The Untold Truth Of Fannie Lou Hamer

Fannie Lou Townsend Hamer started her life as the 20th child of Mississippi sharecroppers and ended it as a leader and a hero for civil and voting rights. According to the National Women's History Museum, she was born in poverty in 1917, started picking cotton alongside her family at the age of six, and was forced to leave school when she was 12 in order to work full time. In 1944, she married Perry "Pap" Hamer. Together they worked on a plantation owned by B.D. Marlowe. Hamer was unique — she was literate — and so also functioned as the plantation's timekeeper. BlackPast reports that Hamer became an activist in the 1950s after she attended several of the annual conferences of an organization called the Regional Council of Negro Leadership. There she encountered Thurgood Marshall of the NAACP, who in 1967 became the first Black Supreme Court justice, and Michigan Congressman Charles Diggs. 

According to PBS American Experience, in 1961, a white doctor performed a hysterectomy on Hamer without her knowledge or permission during unrelated minor surgery, a notorious practice inflicted upon Black women so often that it was known as a "Mississippi appendectomy." In 1964, Hamer told a Washington D.C. audience that "[In] the North Sunflower County Hospital, I would say about six out of the 10 Negro women that go to the hospital are sterilized with the tubes tied." PBS says the tragedy propelled Hamer on her way to "the forefront of the Mississippi Civil Rights movement."

'This Little Light of Mine'

The Hamers adopted two daughters.

In 1962, per BlackPast, Fannie Lou Hamer heard a sermon by Reverend James Bevel, an advisor to Martin Luther King, Jr., and was inspired to volunteer, serving as an organizer with the Student Nonviolent Coordinating Committee, helping register Black Mississippians to vote. In August 1962, Hamer and 17 neighbors took a bus to the county seat in Indianola to register; according to PBS, officials kept everyone but Hamer and one man from filling out the application and taking the required literacy test. They both failed. On the way home, officials stopped the bus for "being too yellow"; Hamer "began to sing spirituals" such as "This Little Light of Mine," which became "became one of the defining features of her activism." When she returned home, the plantation owner Marlow "demanded that she withdraw her application" to vote. When Hamer refused, he kicked her off his land. 

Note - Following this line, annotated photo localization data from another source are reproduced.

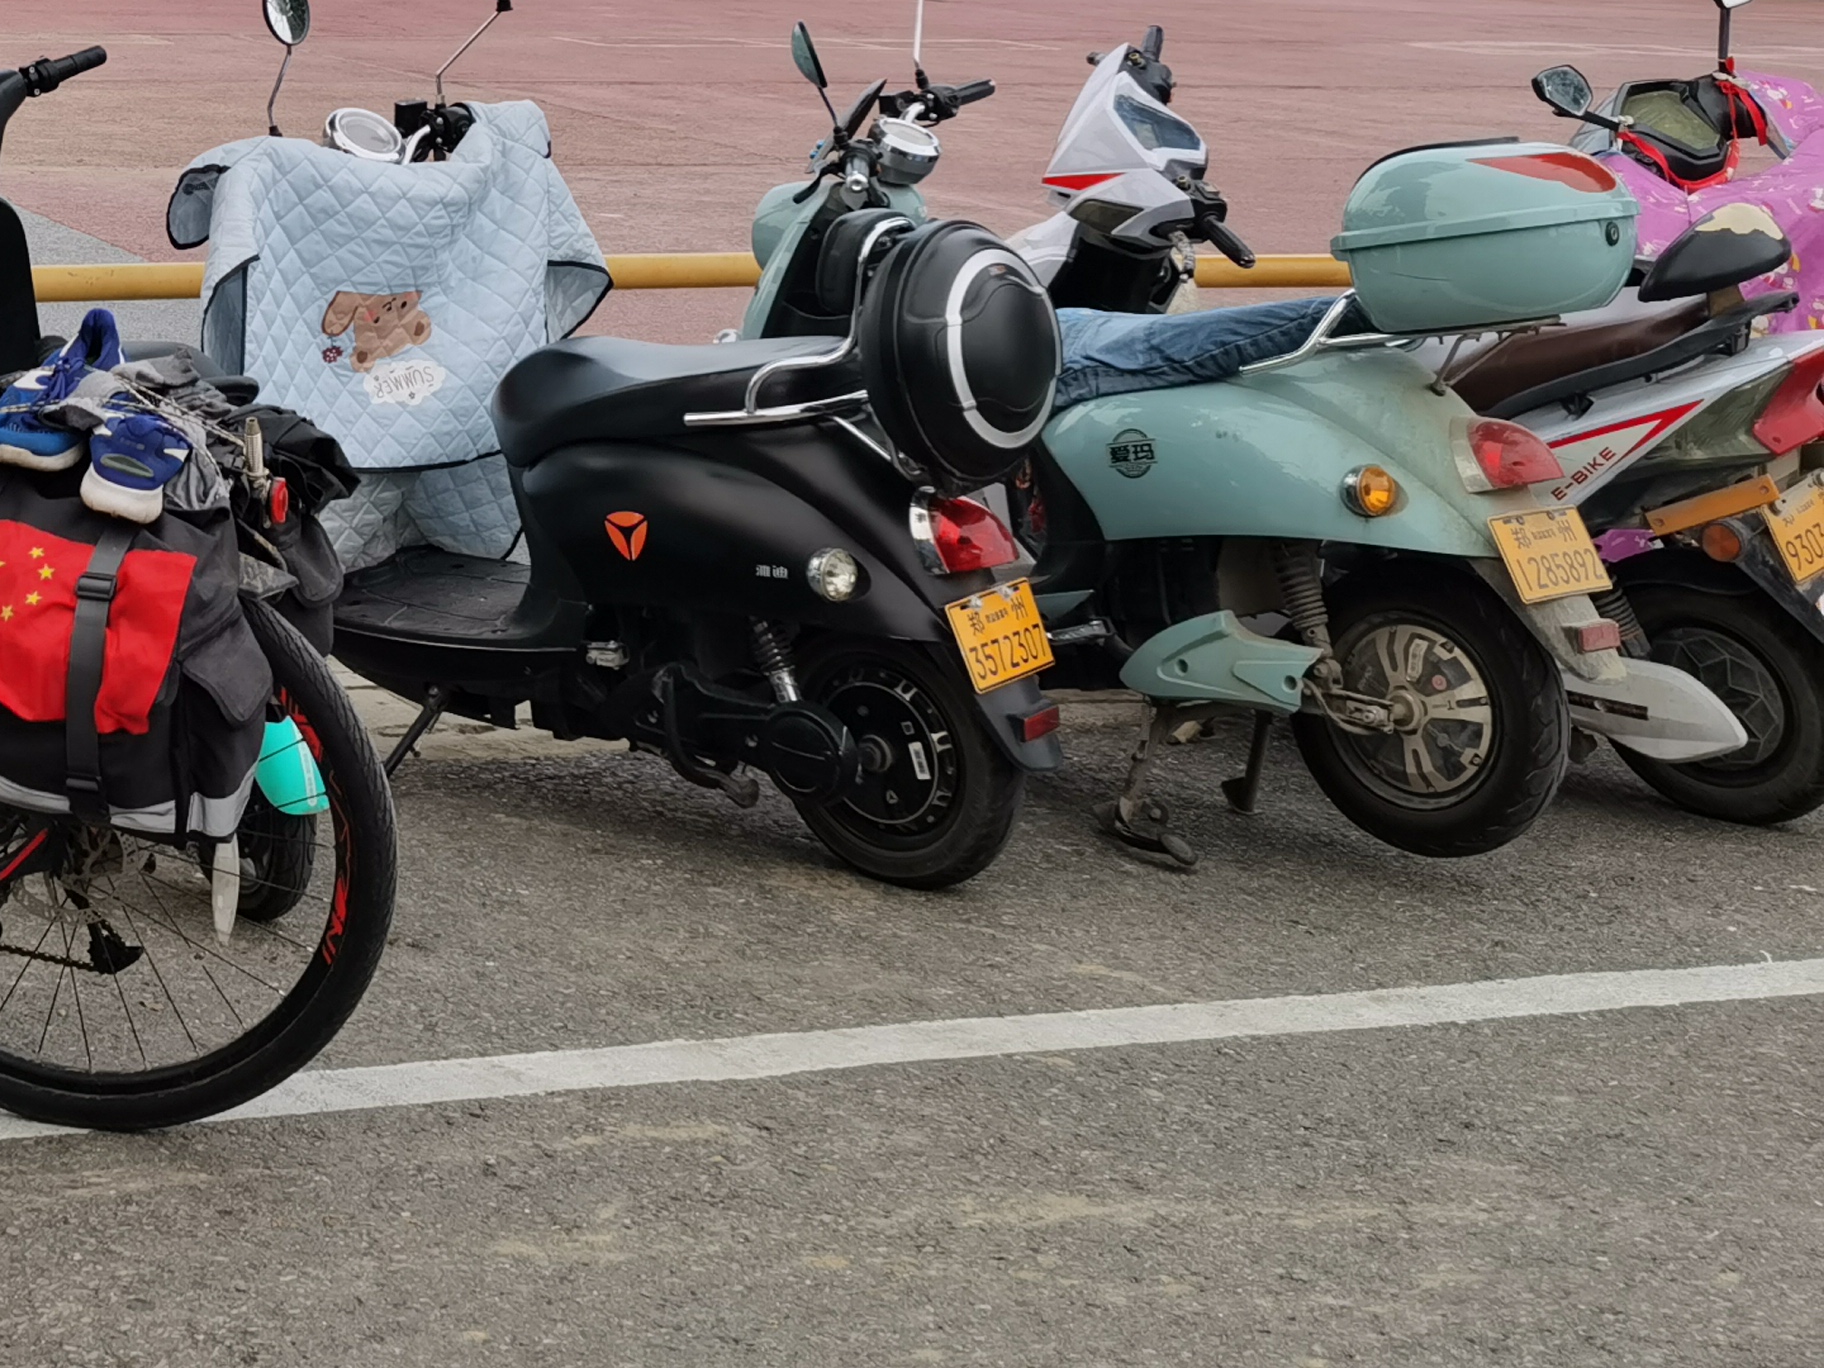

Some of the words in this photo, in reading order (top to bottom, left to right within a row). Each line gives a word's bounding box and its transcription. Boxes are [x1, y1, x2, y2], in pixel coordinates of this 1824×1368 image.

[373, 365, 435, 399] SUMMER
[1108, 443, 1155, 463] 爱玛
[1550, 446, 1617, 501] E-BIKE
[1511, 527, 1532, 549] 郑
[1557, 519, 1577, 542] 州
[1516, 548, 1605, 591] 1285892
[967, 611, 985, 636] 郑
[1011, 595, 1028, 620] 州
[969, 623, 1046, 680] 3572307

In 1963 Hamer and other organizers were once again traveling by bus, relates BlackPast, when they were arrested in Winona, Mississippi and taken to the infamous Montgomery County Jail, where they were "beaten mercilessly." Hamer suffered a blood clot and kidney damage that affected her for the rest of her life. After recovering for a month, she returned to organizing. In 1964, she co-founded the Mississippi Freedom Democratic Party, as Mississippi's Democratic Party prohibited Blacks from participating.

"I'm sick and tired of being sick and tired"

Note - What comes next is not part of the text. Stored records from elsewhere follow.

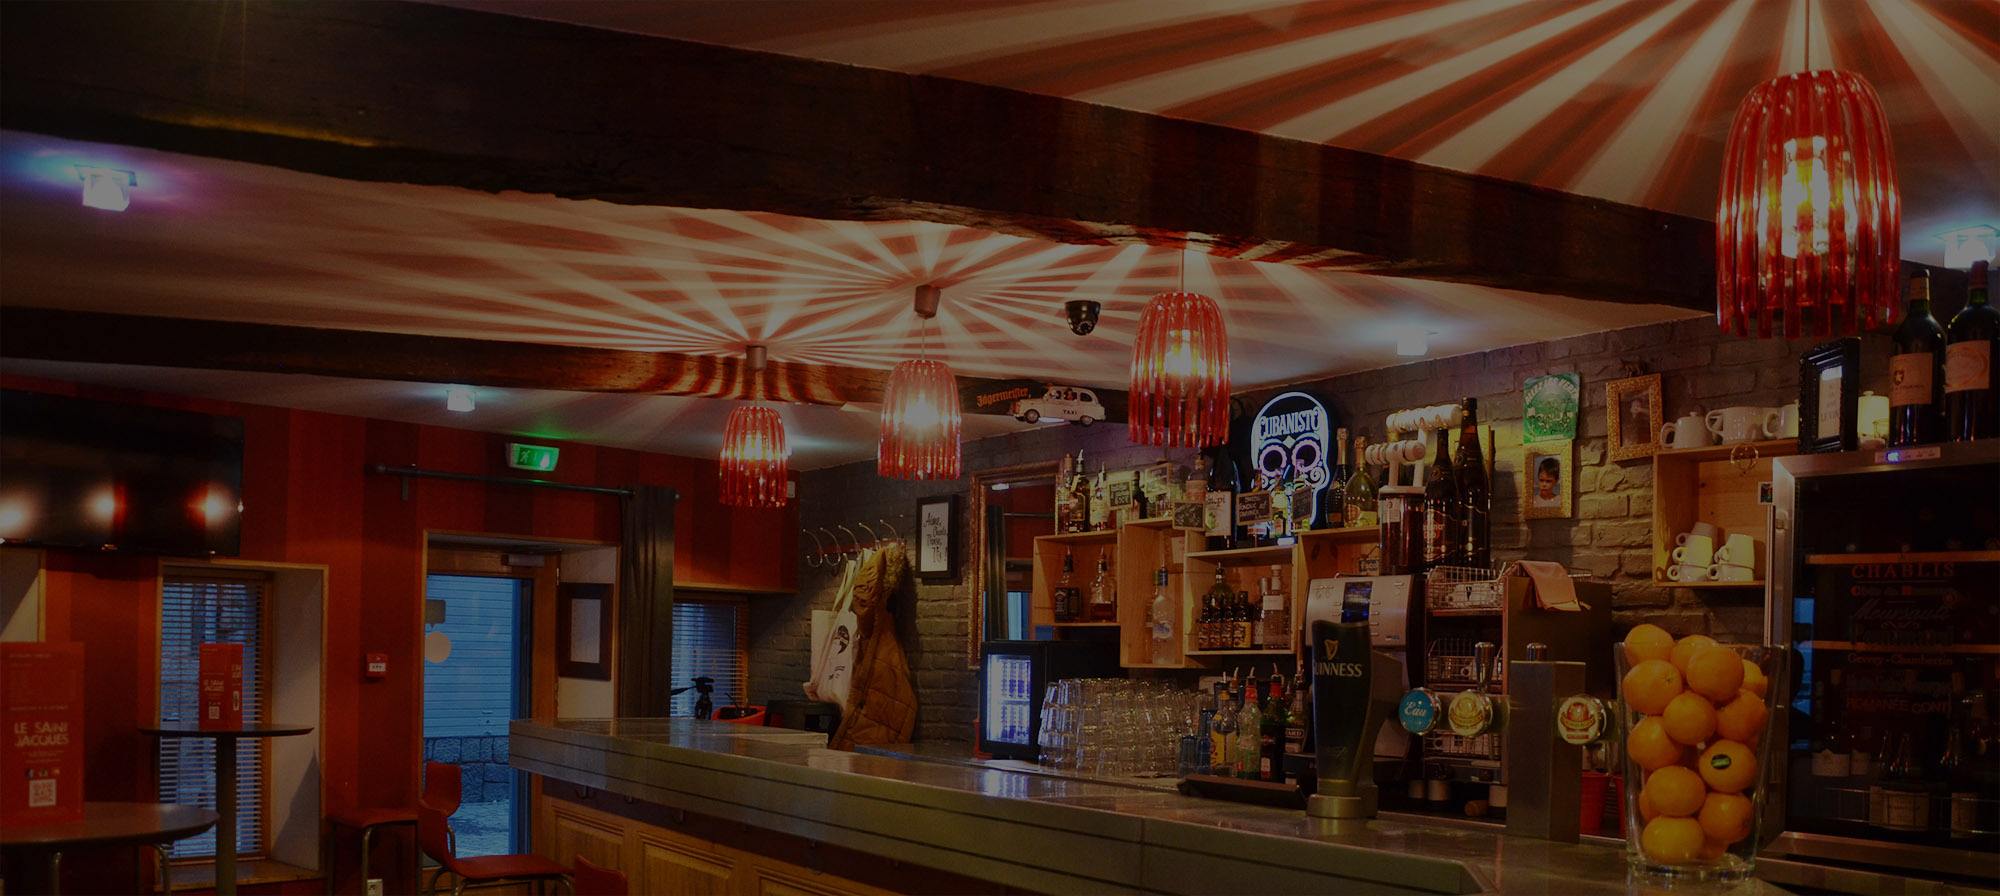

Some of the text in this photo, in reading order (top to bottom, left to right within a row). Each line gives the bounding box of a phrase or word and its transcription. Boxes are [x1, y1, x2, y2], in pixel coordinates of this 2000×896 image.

[1259, 406, 1320, 440] CUBANISTO
[1852, 562, 1955, 579] CHABLIS
[1314, 662, 1363, 678] UINNESS
[1404, 701, 1427, 717] Eau
[14, 720, 69, 734] LE SAINT
[14, 733, 70, 748] JACQUES

Leaders of that Mississippi Freedom Democratic Party (MFDP) made their way to Atlantic City, New Jersey, site of the Democratic National Convention, to argue that they should be "the official delegation from Mississippi." There, Hamer spoke before the Credentials Committee, decrying the all-white Mississippi Democratic Party delegation, an action that scared President Lyndon Johnson so much that he "gave an emergency presidential press conference to prevent her testimony from going live over the three television networks." Her speech, which aired later, told listeners about the "oppressive conditions" faced daily by Black Mississippians. Hamer urged recognition of the MFDP "to encourage Blacks to register to vote."

In early 1964, reports PBS, Hamer ran for congress as the MFDP candidate, setting a precedent. Her opponent won, but Hamer's candidacy had challenged entrenched Mississippi politics and brought national attention to the MFDP. In June 1964, Hamer became "a statewide leader in the Freedom Summer Campaign which brought hundreds of volunteers ... to Mississippi to help with voter registration." By 1968, she was part of the regular Mississippi delegation to the National Democratic Convention, where she spoke out against the Vietnam War. That was also the first year that the Democratic Party required equality of representation in state delegations, which surely came to be in part because of Hamer's 1964 testimony.

Fannie Lou Hamer died of cancer in 1977; her epitaph reads: "I'm sick and tired of being sick and tired."